Saved data entries
+ + + + + + +

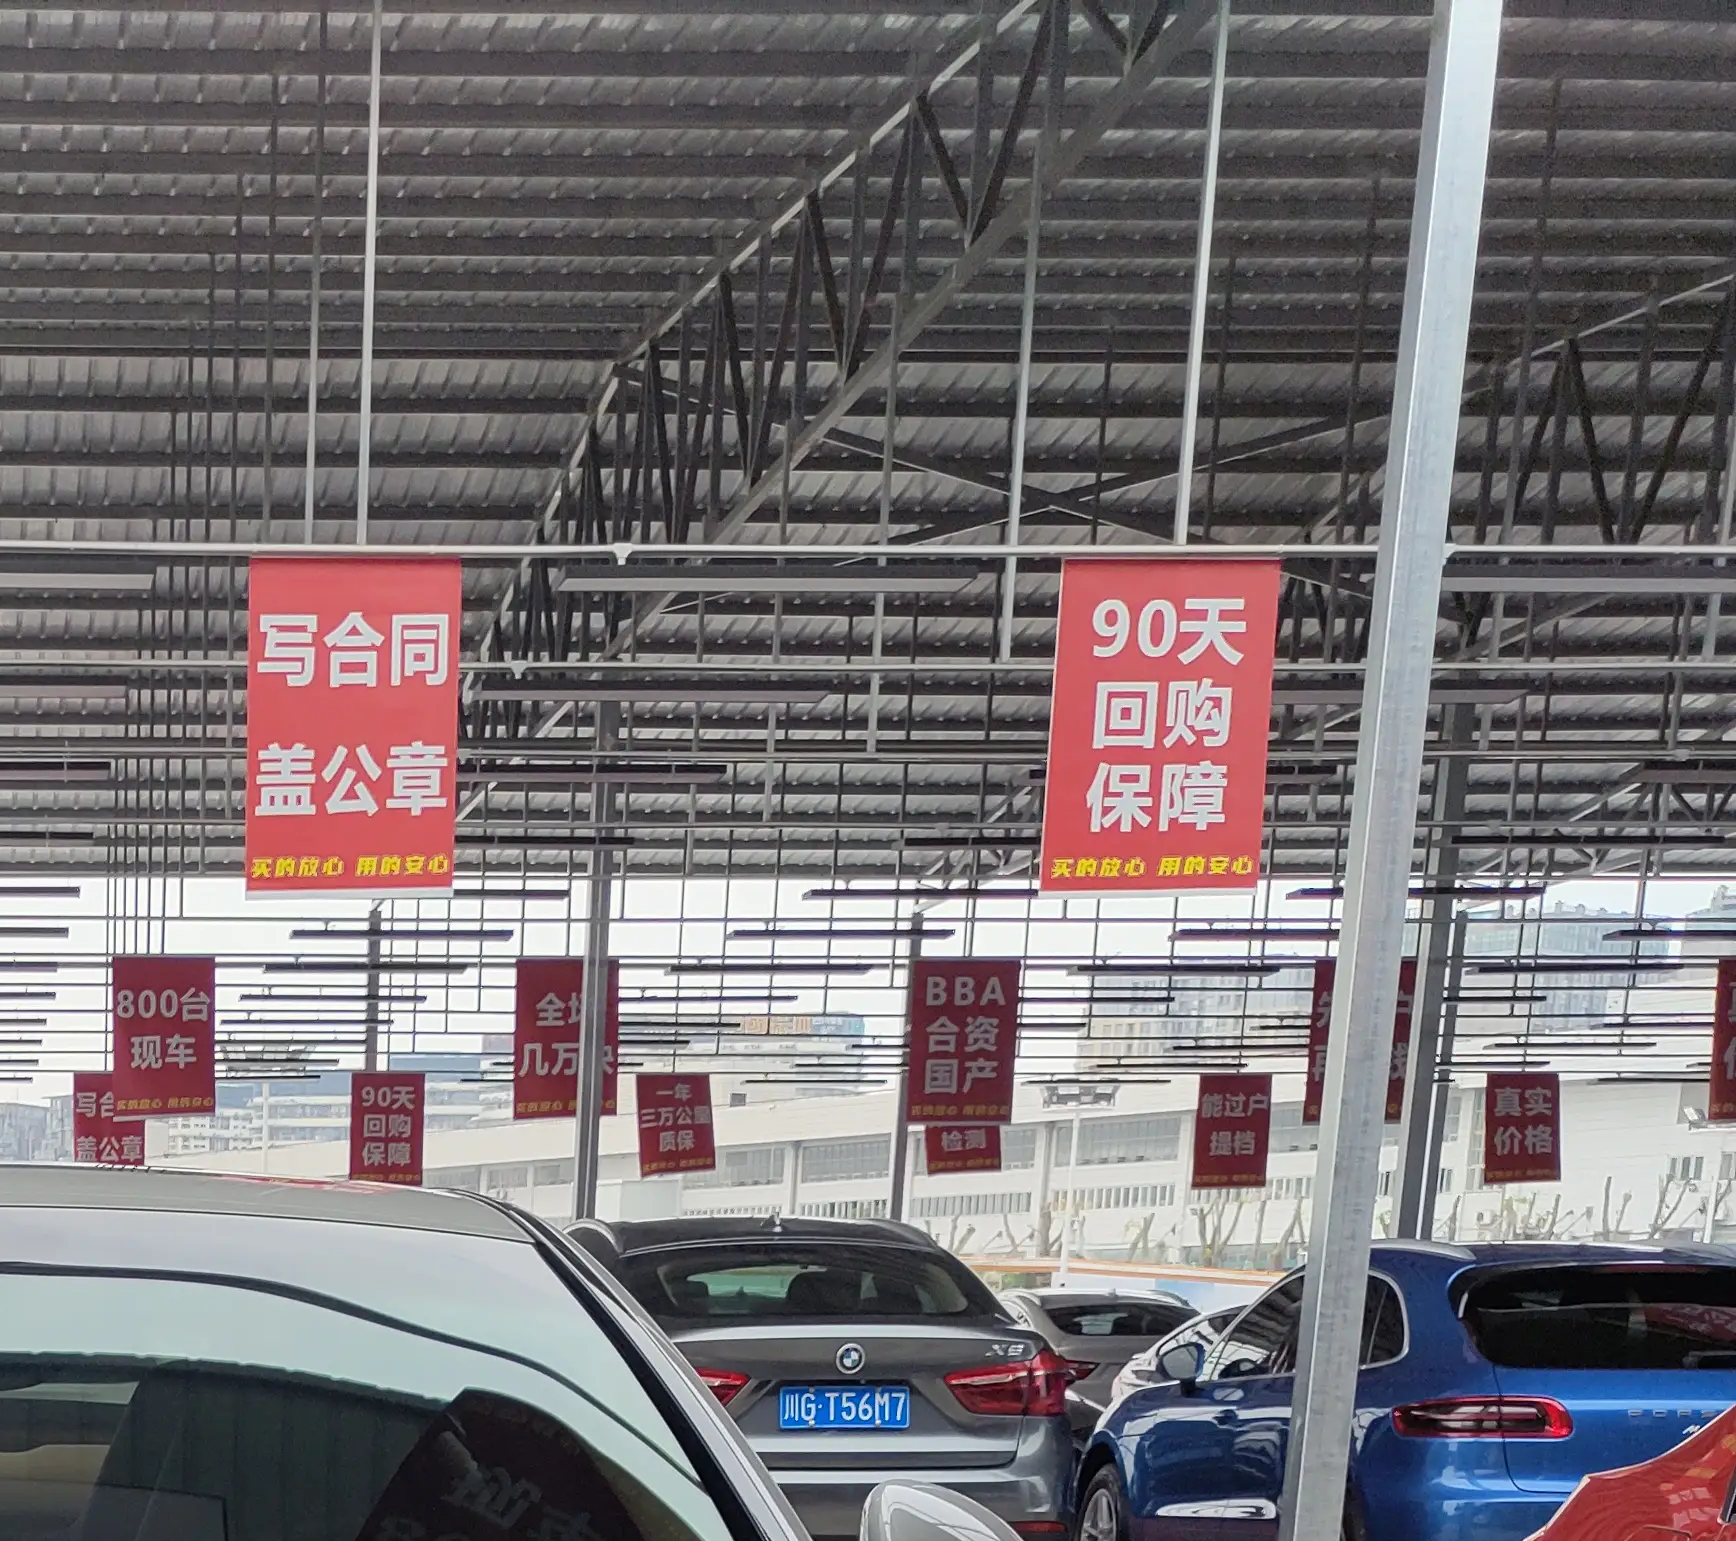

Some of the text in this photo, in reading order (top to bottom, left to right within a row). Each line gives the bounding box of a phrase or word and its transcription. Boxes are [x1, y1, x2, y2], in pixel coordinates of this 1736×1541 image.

[1092, 598, 1246, 665] 90天
[257, 612, 449, 687] 写合同
[1092, 678, 1232, 749] 回购
[255, 741, 448, 816] 盖公章
[1086, 761, 1228, 832] 保障
[251, 853, 449, 879] 买的放心 用的安心
[1051, 856, 1253, 879] 买的放心 用的安心
[117, 988, 211, 1022] 800台
[926, 976, 1006, 1006] BBA
[926, 1016, 999, 1053] 合资
[131, 1033, 197, 1070] 现车
[924, 1058, 999, 1094] 国产
[361, 1086, 416, 1110] 90天
[1202, 1093, 1268, 1118] 能过户
[1494, 1087, 1552, 1117] 真实
[363, 1113, 411, 1138] 回购
[1494, 1124, 1553, 1156] 价格
[75, 1135, 142, 1162] 盖公章
[362, 1141, 411, 1167] 保障
[784, 1392, 906, 1421] 川G·T56M7

+ + + + + + +

#### Work request
Repeat the entries verbatim; no pictures.

#### Output for this exercise
Some of the text in this photo, in reading order (top to bottom, left to right within a row). Each line gives the bounding box of a phrase or word and its transcription. Boxes are [x1, y1, x2, y2], in pixel coordinates of this 1736×1541 image.

[1092, 598, 1246, 665] 90天
[257, 612, 449, 687] 写合同
[1092, 678, 1232, 749] 回购
[255, 741, 448, 816] 盖公章
[1086, 761, 1228, 832] 保障
[251, 853, 449, 879] 买的放心 用的安心
[1051, 856, 1253, 879] 买的放心 用的安心
[117, 988, 211, 1022] 800台
[926, 976, 1006, 1006] BBA
[926, 1016, 999, 1053] 合资
[131, 1033, 197, 1070] 现车
[924, 1058, 999, 1094] 国产
[361, 1086, 416, 1110] 90天
[1202, 1093, 1268, 1118] 能过户
[1494, 1087, 1552, 1117] 真实
[363, 1113, 411, 1138] 回购
[1494, 1124, 1553, 1156] 价格
[75, 1135, 142, 1162] 盖公章
[362, 1141, 411, 1167] 保障
[784, 1392, 906, 1421] 川G·T56M7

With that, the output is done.